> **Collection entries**
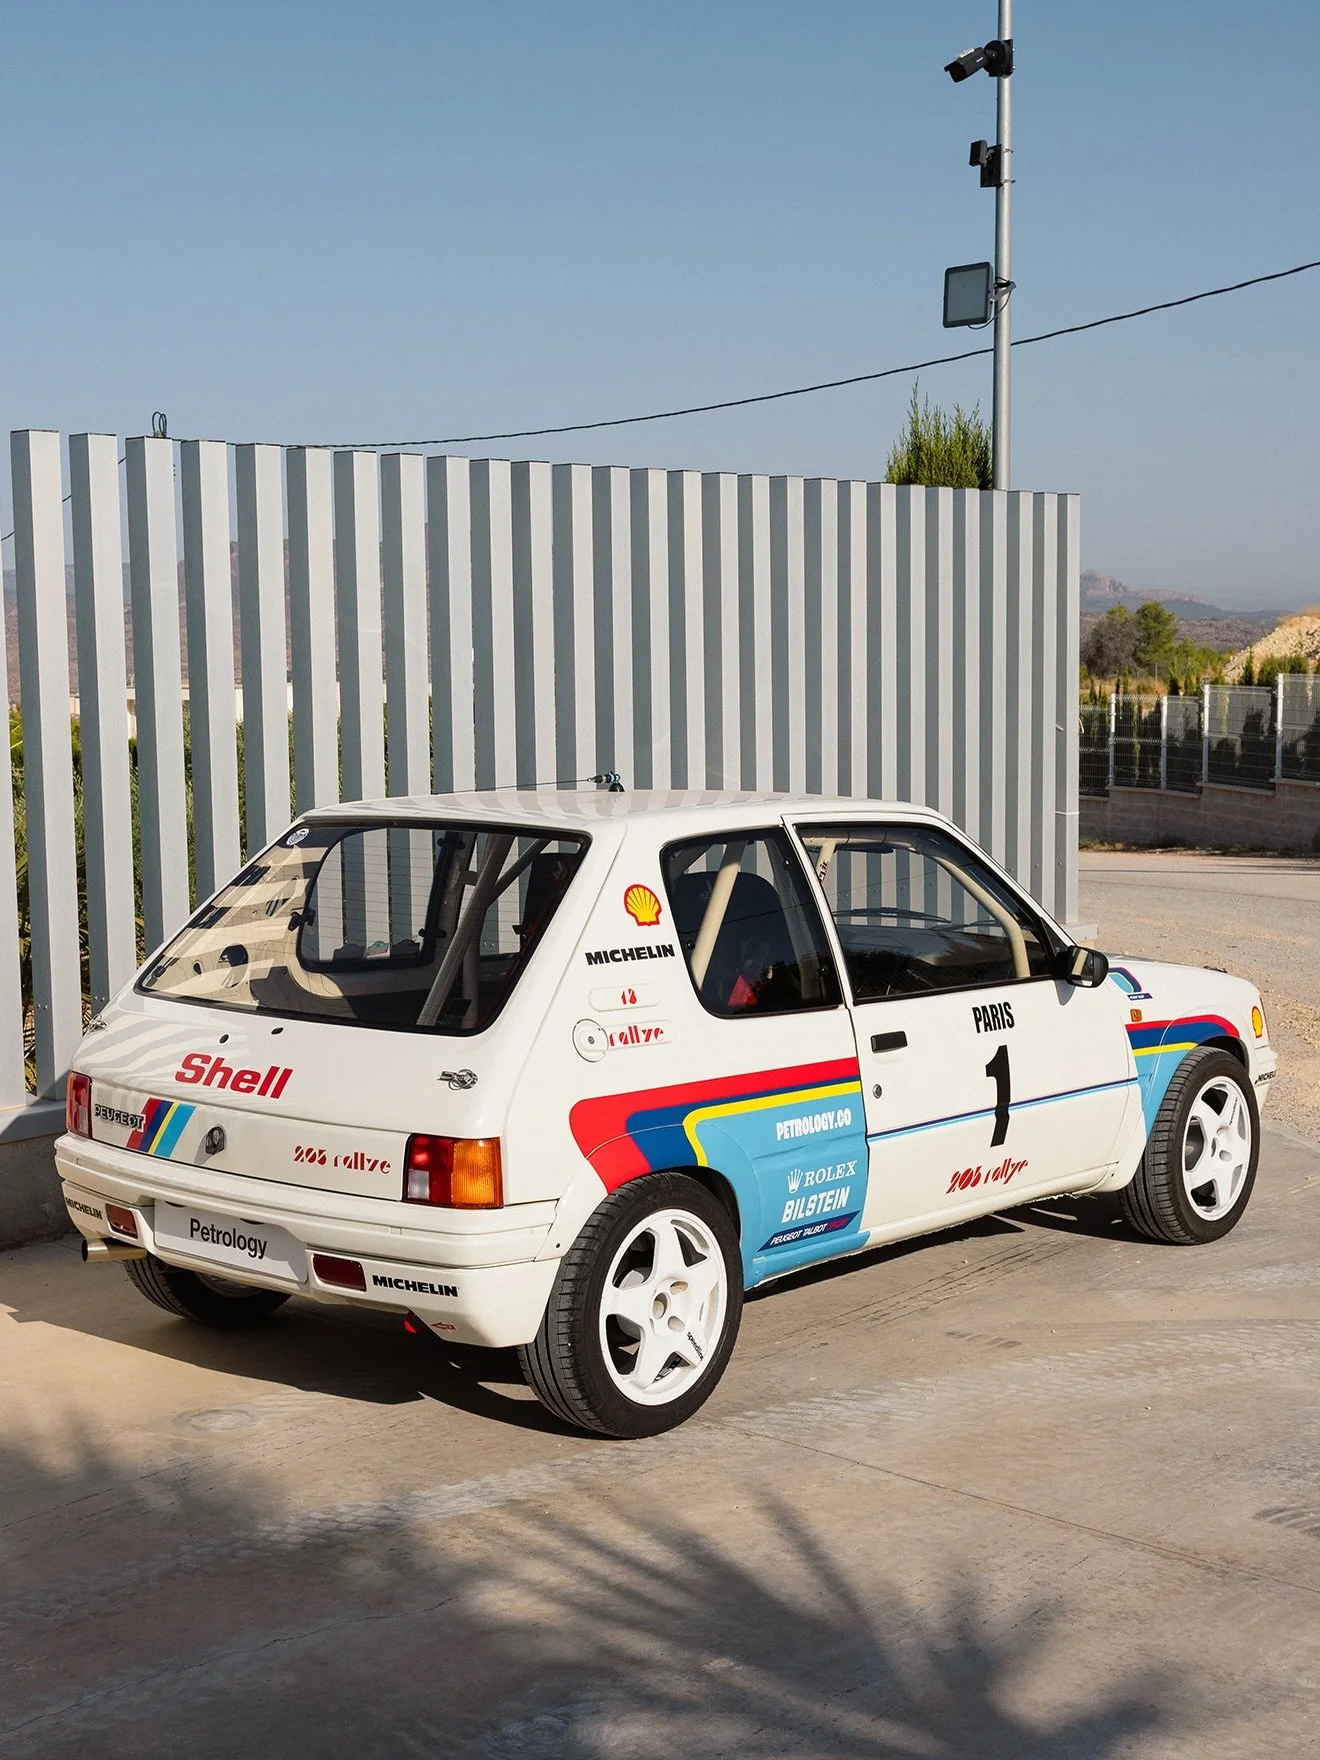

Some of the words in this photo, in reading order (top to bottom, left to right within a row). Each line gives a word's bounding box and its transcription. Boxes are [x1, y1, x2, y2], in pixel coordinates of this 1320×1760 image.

[585, 944, 675, 965] MICHELIN
[972, 1001, 1015, 1033] PARIS
[609, 1025, 664, 1047] rallye
[174, 1052, 294, 1099] Shell
[985, 1044, 1011, 1147] 1
[94, 1103, 144, 1130] PEUGEOT
[776, 1108, 852, 1141] PETROLOGY.CO
[293, 1145, 327, 1166] 205
[333, 1151, 391, 1174] rallye
[803, 1160, 858, 1188] ROLEX
[945, 1165, 982, 1195] 205
[65, 1197, 102, 1220] MICHELIN
[781, 1186, 851, 1224] BILSTEIN
[189, 1218, 268, 1260] Petrology
[770, 1230, 803, 1246] PEUGEOT
[802, 1223, 829, 1238] TALBOT
[372, 1274, 458, 1297] MICHELIN

> **YOUR GOAL**
A faithful, word-for-word version of the records above is needed, with no images in it.

> **TASK SOLUTION**
Some of the words in this photo, in reading order (top to bottom, left to right within a row). Each line gives a word's bounding box and its transcription. Boxes are [x1, y1, x2, y2], in pixel coordinates of this 1320×1760 image.

[585, 944, 675, 965] MICHELIN
[972, 1001, 1015, 1033] PARIS
[609, 1025, 664, 1047] rallye
[174, 1052, 294, 1099] Shell
[985, 1044, 1011, 1147] 1
[94, 1103, 144, 1130] PEUGEOT
[776, 1108, 852, 1141] PETROLOGY.CO
[293, 1145, 327, 1166] 205
[333, 1151, 391, 1174] rallye
[803, 1160, 858, 1188] ROLEX
[945, 1165, 982, 1195] 205
[65, 1197, 102, 1220] MICHELIN
[781, 1186, 851, 1224] BILSTEIN
[189, 1218, 268, 1260] Petrology
[770, 1230, 803, 1246] PEUGEOT
[802, 1223, 829, 1238] TALBOT
[372, 1274, 458, 1297] MICHELIN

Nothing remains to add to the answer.